## [Records for the exercise]
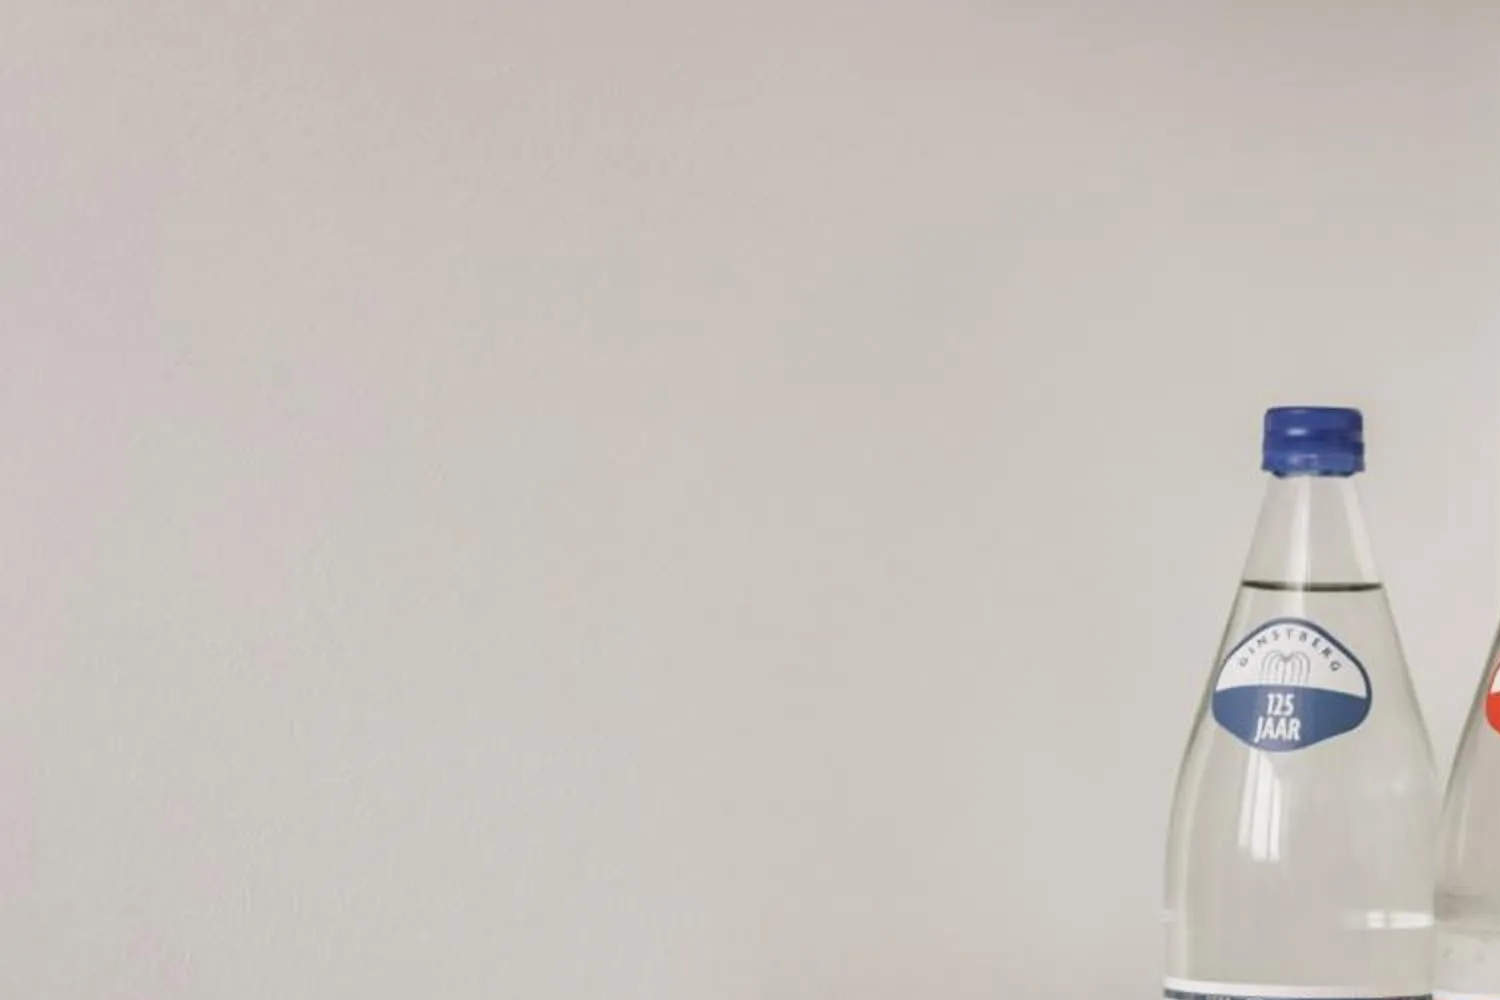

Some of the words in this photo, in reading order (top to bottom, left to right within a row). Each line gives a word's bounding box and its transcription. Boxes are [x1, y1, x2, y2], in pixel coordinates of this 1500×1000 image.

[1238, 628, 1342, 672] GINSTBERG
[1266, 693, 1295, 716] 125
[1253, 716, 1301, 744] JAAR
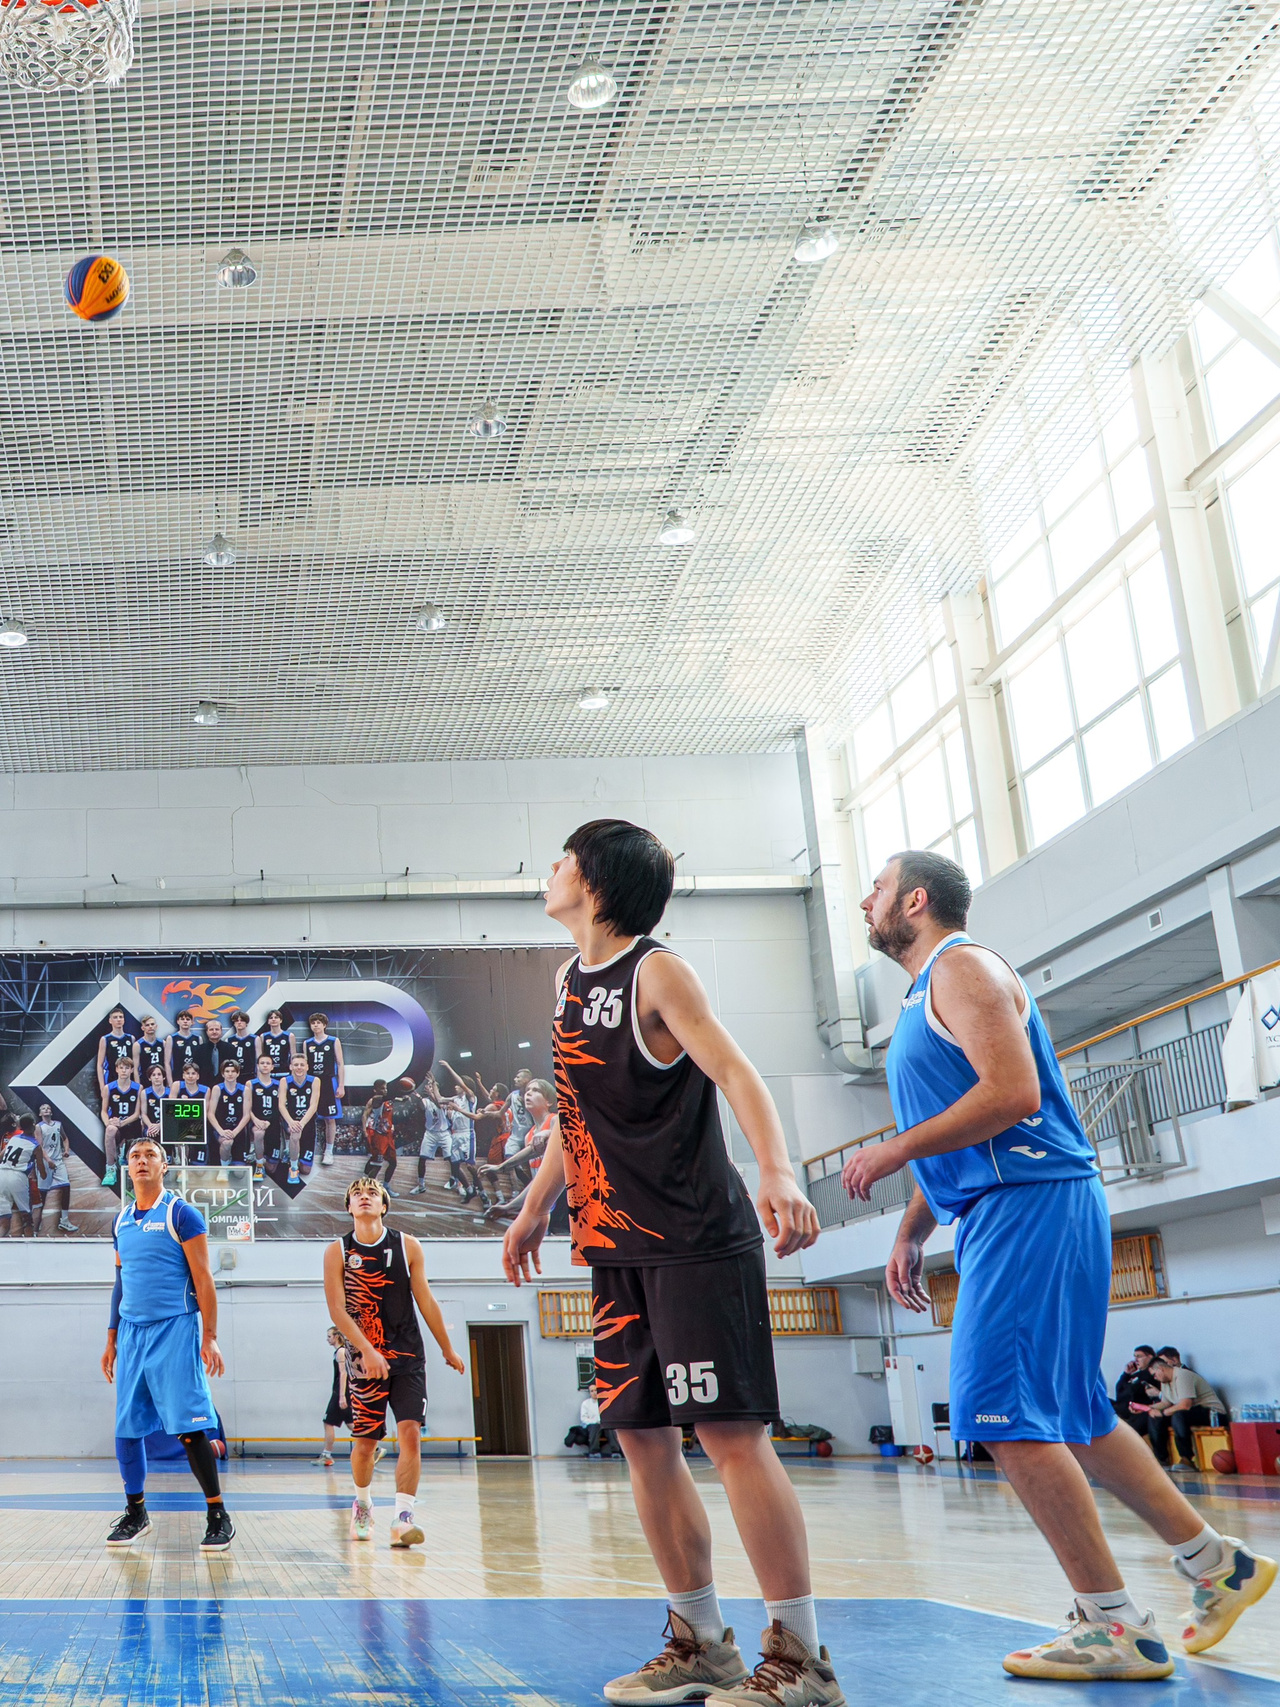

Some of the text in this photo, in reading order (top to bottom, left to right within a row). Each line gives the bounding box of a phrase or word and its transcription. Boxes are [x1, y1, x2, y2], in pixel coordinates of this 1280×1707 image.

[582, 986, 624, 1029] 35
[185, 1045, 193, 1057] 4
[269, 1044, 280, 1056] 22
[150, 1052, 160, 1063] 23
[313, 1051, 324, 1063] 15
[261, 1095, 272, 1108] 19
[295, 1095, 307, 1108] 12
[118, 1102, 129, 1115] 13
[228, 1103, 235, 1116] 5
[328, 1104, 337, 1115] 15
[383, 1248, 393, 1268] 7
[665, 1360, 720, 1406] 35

## [What the task asks]
Every line, from the one holding "Some of the text" through the last line of the material above, should be transcribed exactly, and no line outside that range.

## [Response]
Some of the text in this photo, in reading order (top to bottom, left to right within a row). Each line gives the bounding box of a phrase or word and its transcription. Boxes are [x1, y1, x2, y2], in pixel coordinates of this 1280×1707 image.

[582, 986, 624, 1029] 35
[185, 1045, 193, 1057] 4
[269, 1044, 280, 1056] 22
[150, 1052, 160, 1063] 23
[313, 1051, 324, 1063] 15
[261, 1095, 272, 1108] 19
[295, 1095, 307, 1108] 12
[118, 1102, 129, 1115] 13
[228, 1103, 235, 1116] 5
[328, 1104, 337, 1115] 15
[383, 1248, 393, 1268] 7
[665, 1360, 720, 1406] 35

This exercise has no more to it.